Data extracted from a collection
-------

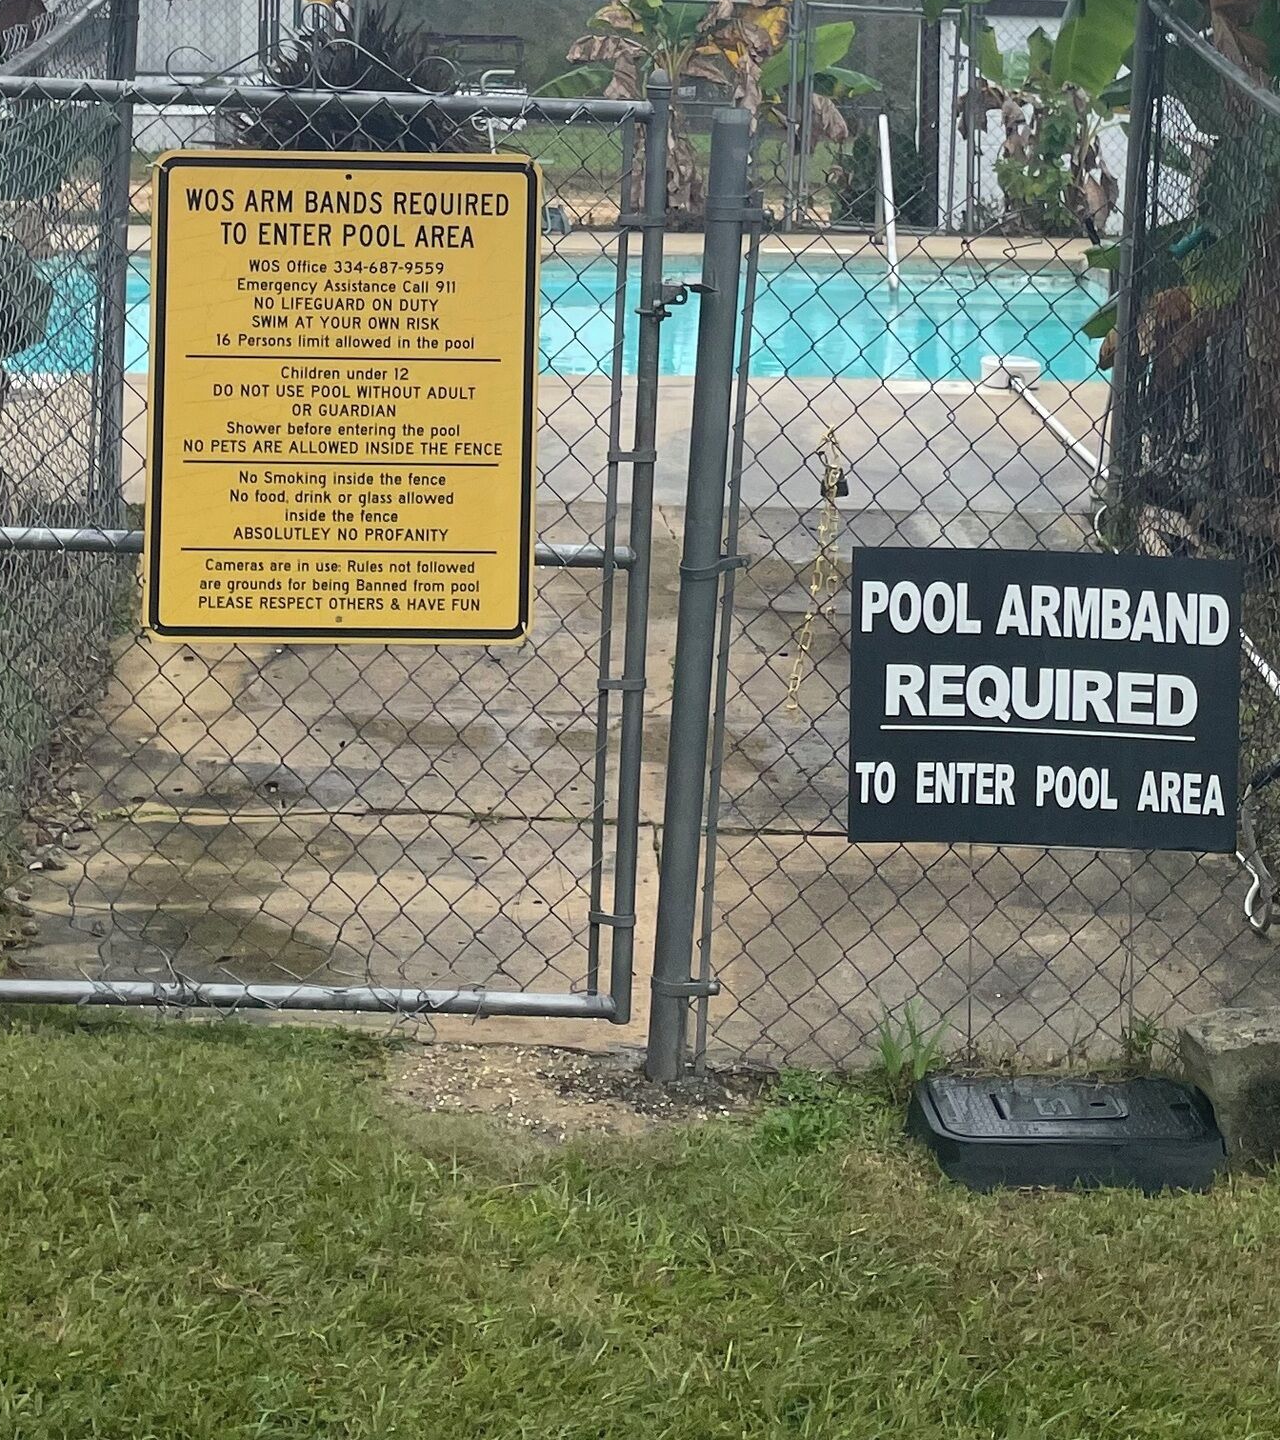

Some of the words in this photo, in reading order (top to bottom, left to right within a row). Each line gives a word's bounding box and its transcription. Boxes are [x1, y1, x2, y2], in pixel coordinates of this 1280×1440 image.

[185, 187, 235, 212] WOS
[244, 189, 294, 214] ARM
[304, 190, 383, 215] BANDS
[393, 191, 509, 217] REQUIRED
[220, 221, 247, 245] TO
[258, 222, 332, 247] ENTER
[342, 223, 406, 248] POOL
[414, 224, 475, 249] AREA
[248, 258, 281, 273] WOS
[286, 259, 328, 274] Office
[333, 260, 445, 275] 334-687-9559
[237, 277, 318, 296] Emergency
[323, 278, 397, 293] Assistance
[402, 279, 429, 294] Call
[435, 280, 456, 294] 911
[254, 296, 275, 310] NO
[281, 296, 366, 312] LIFEGUARD
[372, 297, 393, 312] ON
[399, 298, 439, 313] DUTY
[251, 314, 289, 329] SWIM
[294, 315, 315, 330] AT
[319, 315, 362, 330] YOUR
[367, 316, 400, 330] OWN
[406, 317, 440, 331] RISK
[216, 332, 231, 347] 16
[237, 333, 292, 348] Persons
[298, 334, 330, 348] limit
[335, 334, 392, 349] allowed
[397, 335, 411, 349] in
[416, 335, 439, 350] the
[444, 336, 475, 353] pool
[280, 365, 341, 380] Children
[346, 367, 388, 381] under
[394, 367, 409, 381] 12
[213, 383, 234, 397] DO
[240, 383, 271, 398] NOT
[275, 384, 305, 398] USE
[310, 384, 351, 399] POOL
[356, 384, 422, 400] WITHOUT
[426, 385, 477, 401] ADULT
[291, 403, 312, 417] OR
[318, 403, 397, 418] GUARDIAN
[226, 420, 282, 435] Shower
[287, 421, 332, 436] before
[337, 422, 396, 441] entering
[401, 423, 425, 437] the
[430, 423, 460, 440] pool
[183, 438, 204, 453] NO
[210, 439, 247, 453] PETS
[252, 439, 283, 454] ARE
[288, 440, 359, 455] ALLOWED
[365, 441, 415, 456] INSIDE
[419, 441, 449, 456] THE
[454, 442, 503, 457] FENCE
[239, 470, 258, 484] No
[263, 470, 327, 489] Smoking
[332, 471, 374, 486] inside
[379, 472, 403, 486] the
[407, 472, 446, 486] fence
[229, 488, 249, 503] No
[294, 489, 332, 504] drink
[337, 493, 353, 504] or
[358, 490, 393, 509] glass
[398, 491, 454, 505] allowed
[284, 507, 326, 522] inside
[331, 509, 355, 523] the
[359, 508, 399, 523] fence
[232, 526, 331, 541] ABSOLUTLEY
[337, 527, 358, 542] NO
[364, 527, 449, 542] PROFANITY
[205, 557, 265, 572] Cameras
[269, 561, 292, 572] are
[297, 559, 310, 572] in
[347, 559, 384, 573] Rules
[389, 560, 412, 574] not
[416, 560, 476, 574] followed
[199, 579, 222, 590] are
[226, 577, 283, 595] grounds
[287, 577, 307, 592] for
[311, 578, 350, 596] being
[356, 578, 408, 592] Banned
[413, 578, 445, 593] from
[450, 579, 480, 596] pool
[198, 595, 254, 610] PLEASE
[259, 596, 324, 610] RESPECT
[328, 597, 385, 611] OTHERS
[390, 597, 401, 611] &
[406, 597, 446, 612] HAVE
[451, 598, 481, 612] FUN
[861, 580, 982, 634] POOL
[995, 583, 1230, 646] ARMBAND
[885, 663, 1198, 727] REQUIRED
[855, 761, 896, 804] TO
[916, 761, 1016, 806] ENTER
[1035, 765, 1118, 810] POOL
[1137, 770, 1225, 816] AREA
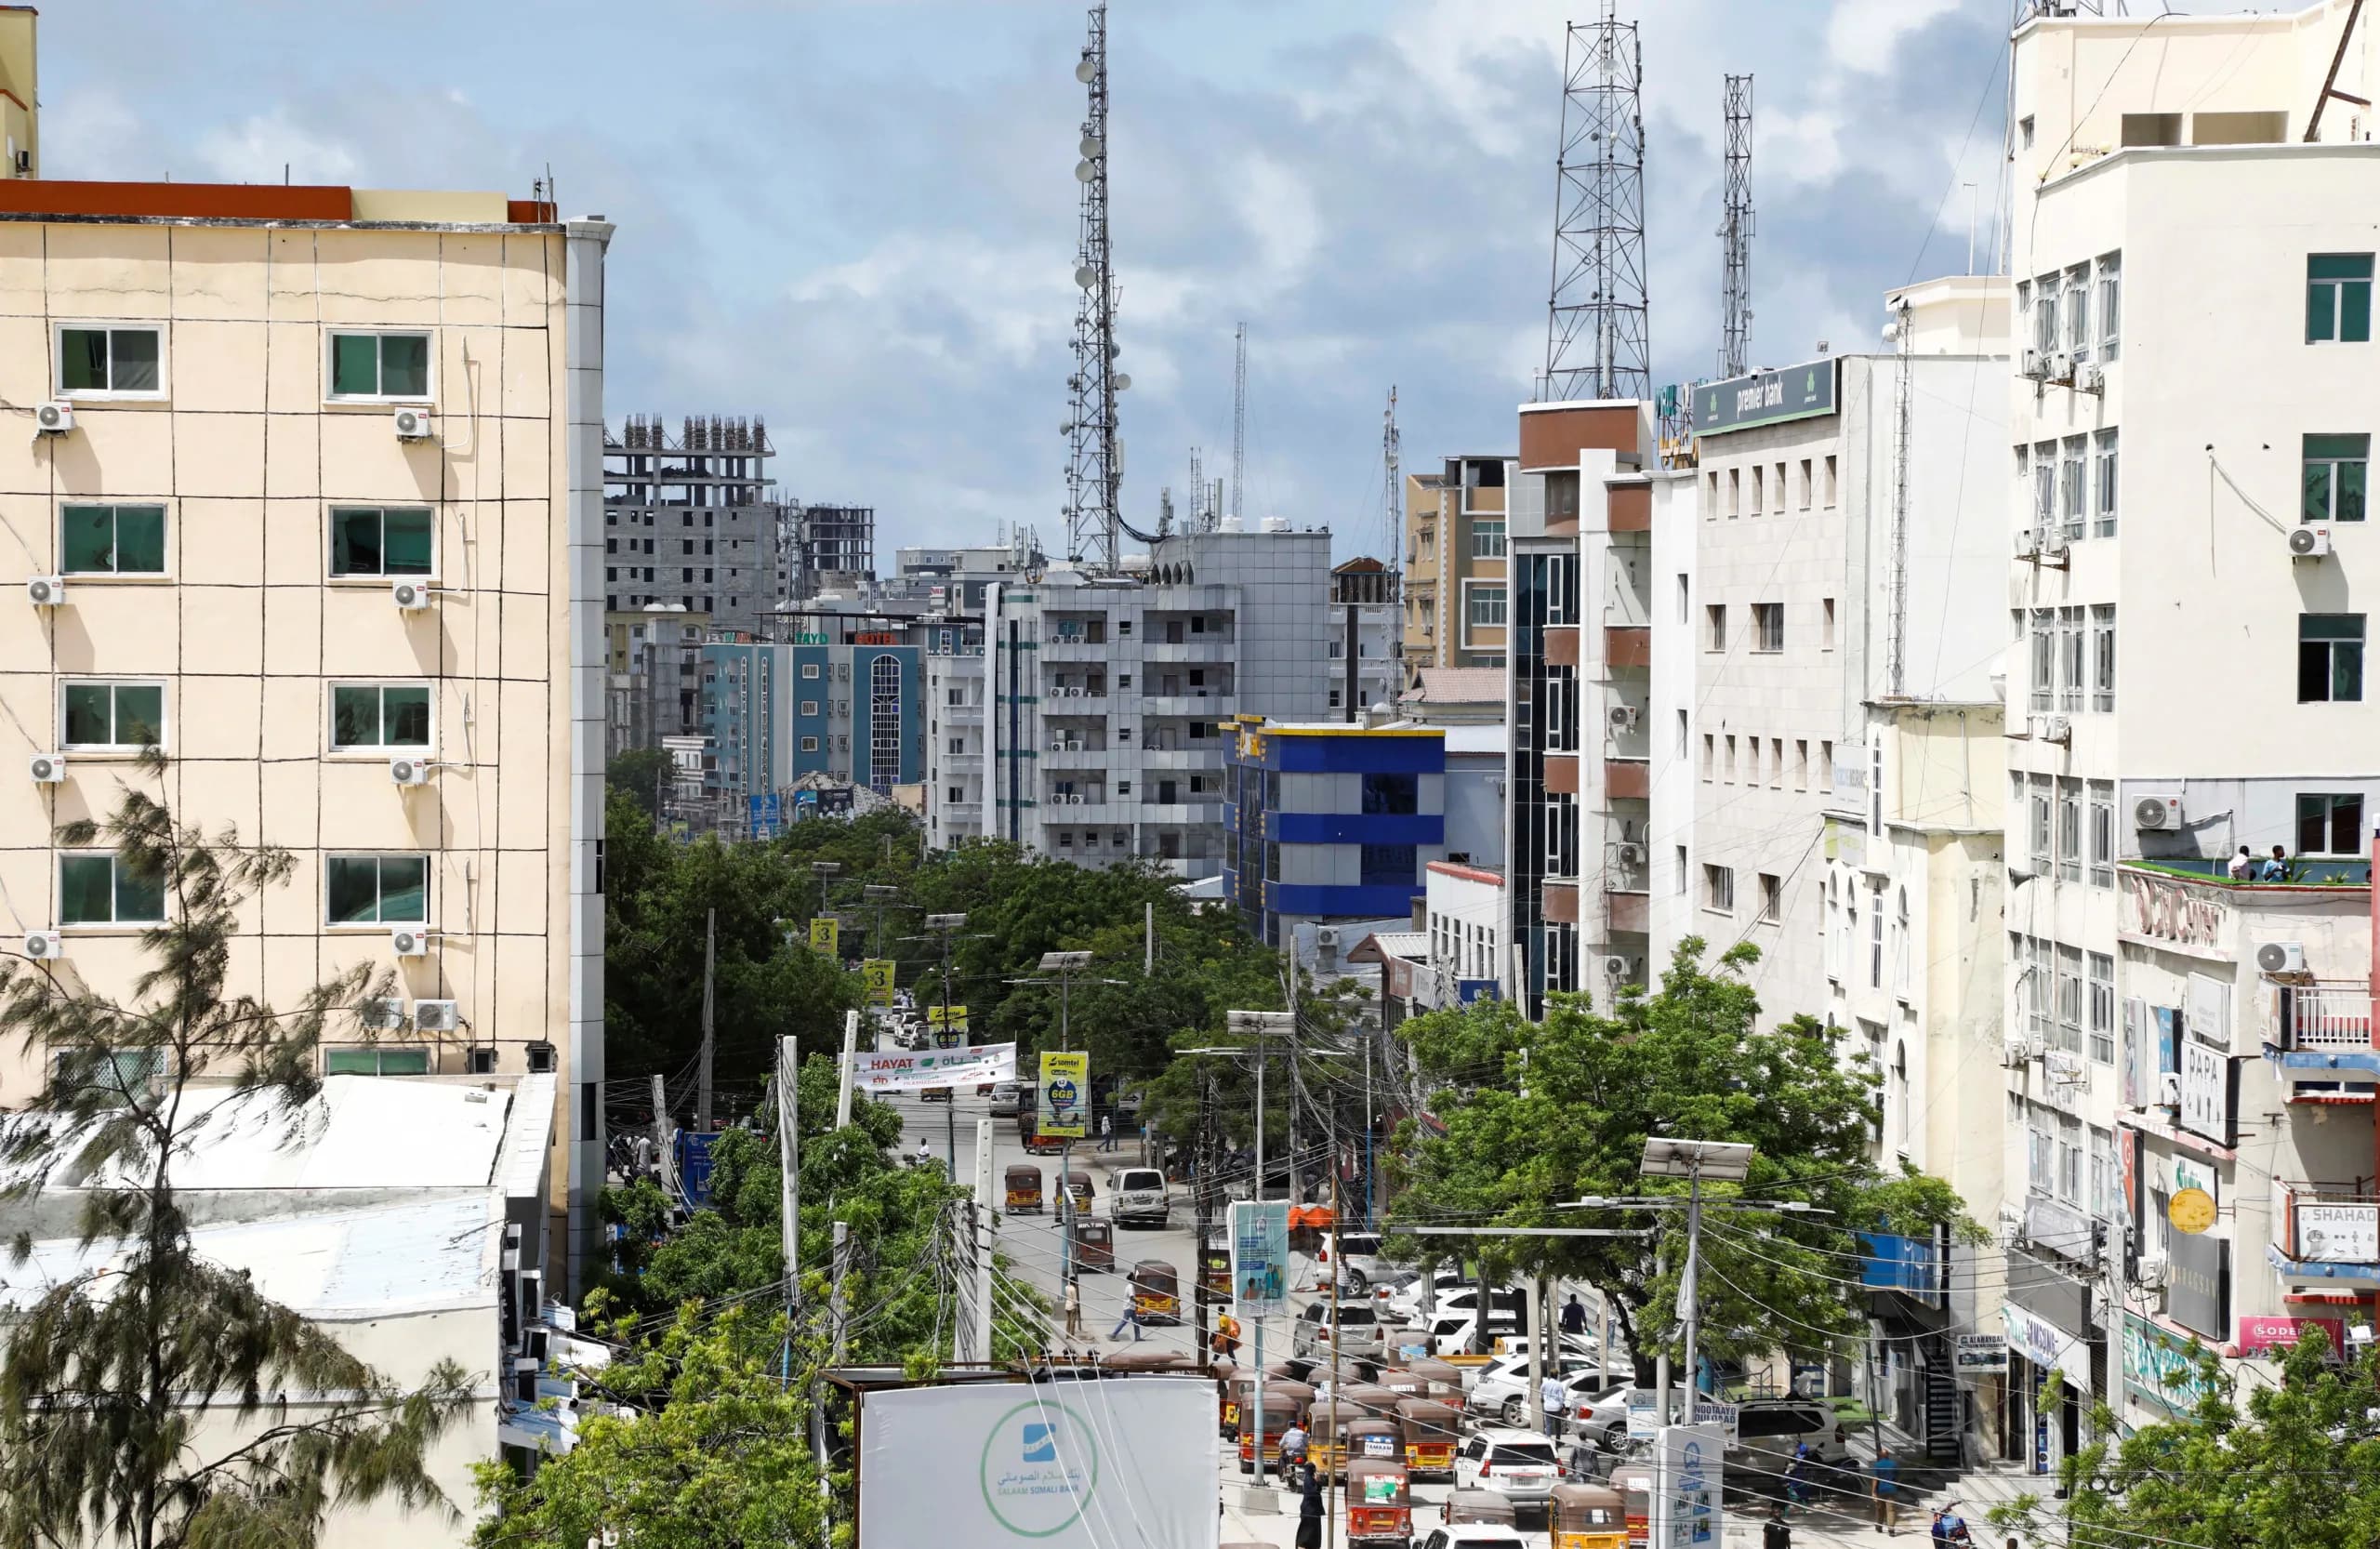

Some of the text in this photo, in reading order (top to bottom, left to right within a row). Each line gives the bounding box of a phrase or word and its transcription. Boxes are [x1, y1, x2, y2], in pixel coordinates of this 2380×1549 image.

-------

▶ [Task statement]: With the pictures excluded, retype the records above verbatim.

▶ [Written response]:
Some of the words in this photo, in reading order (top to bottom, left to right within a row). Each line gives a word's bounding box and its transcription. Boxes are [x1, y1, x2, y2], in pixel coordinates of this 1280×1440 image.

[185, 187, 235, 212] WOS
[244, 189, 294, 214] ARM
[304, 190, 383, 215] BANDS
[393, 191, 509, 217] REQUIRED
[220, 221, 247, 245] TO
[258, 222, 332, 247] ENTER
[342, 223, 406, 248] POOL
[414, 224, 475, 249] AREA
[248, 258, 281, 273] WOS
[286, 259, 328, 274] Office
[333, 260, 445, 275] 334-687-9559
[237, 277, 318, 296] Emergency
[323, 278, 397, 293] Assistance
[402, 279, 429, 294] Call
[435, 280, 456, 294] 911
[254, 296, 275, 310] NO
[281, 296, 366, 312] LIFEGUARD
[372, 297, 393, 312] ON
[399, 298, 439, 313] DUTY
[251, 314, 289, 329] SWIM
[294, 315, 315, 330] AT
[319, 315, 362, 330] YOUR
[367, 316, 400, 330] OWN
[406, 317, 440, 331] RISK
[216, 332, 231, 347] 16
[237, 333, 292, 348] Persons
[298, 334, 330, 348] limit
[335, 334, 392, 349] allowed
[397, 335, 411, 349] in
[416, 335, 439, 350] the
[444, 336, 475, 353] pool
[280, 365, 341, 380] Children
[346, 367, 388, 381] under
[394, 367, 409, 381] 12
[213, 383, 234, 397] DO
[240, 383, 271, 398] NOT
[275, 384, 305, 398] USE
[310, 384, 351, 399] POOL
[356, 384, 422, 400] WITHOUT
[426, 385, 477, 401] ADULT
[291, 403, 312, 417] OR
[318, 403, 397, 418] GUARDIAN
[226, 420, 282, 435] Shower
[287, 421, 332, 436] before
[337, 422, 396, 441] entering
[401, 423, 425, 437] the
[430, 423, 460, 440] pool
[183, 438, 204, 453] NO
[210, 439, 247, 453] PETS
[252, 439, 283, 454] ARE
[288, 440, 359, 455] ALLOWED
[365, 441, 415, 456] INSIDE
[419, 441, 449, 456] THE
[454, 442, 503, 457] FENCE
[239, 470, 258, 484] No
[263, 470, 327, 489] Smoking
[332, 471, 374, 486] inside
[379, 472, 403, 486] the
[407, 472, 446, 486] fence
[229, 488, 249, 503] No
[294, 489, 332, 504] drink
[337, 493, 353, 504] or
[358, 490, 393, 509] glass
[398, 491, 454, 505] allowed
[284, 507, 326, 522] inside
[331, 509, 355, 523] the
[359, 508, 399, 523] fence
[232, 526, 331, 541] ABSOLUTLEY
[337, 527, 358, 542] NO
[364, 527, 449, 542] PROFANITY
[205, 557, 265, 572] Cameras
[269, 561, 292, 572] are
[297, 559, 310, 572] in
[347, 559, 384, 573] Rules
[389, 560, 412, 574] not
[416, 560, 476, 574] followed
[199, 579, 222, 590] are
[226, 577, 283, 595] grounds
[287, 577, 307, 592] for
[311, 578, 350, 596] being
[356, 578, 408, 592] Banned
[413, 578, 445, 593] from
[450, 579, 480, 596] pool
[198, 595, 254, 610] PLEASE
[259, 596, 324, 610] RESPECT
[328, 597, 385, 611] OTHERS
[390, 597, 401, 611] &
[406, 597, 446, 612] HAVE
[451, 598, 481, 612] FUN
[861, 580, 982, 634] POOL
[995, 583, 1230, 646] ARMBAND
[885, 663, 1198, 727] REQUIRED
[855, 761, 896, 804] TO
[916, 761, 1016, 806] ENTER
[1035, 765, 1118, 810] POOL
[1137, 770, 1225, 816] AREA

Some of the text in this photo, in reading order (top to bottom, left to right within a row). Each line gives the bounding box of a phrase or word and its transcription. Boxes are [x1, y1, x2, y2], in pixel coordinates of this 2380×1549 image.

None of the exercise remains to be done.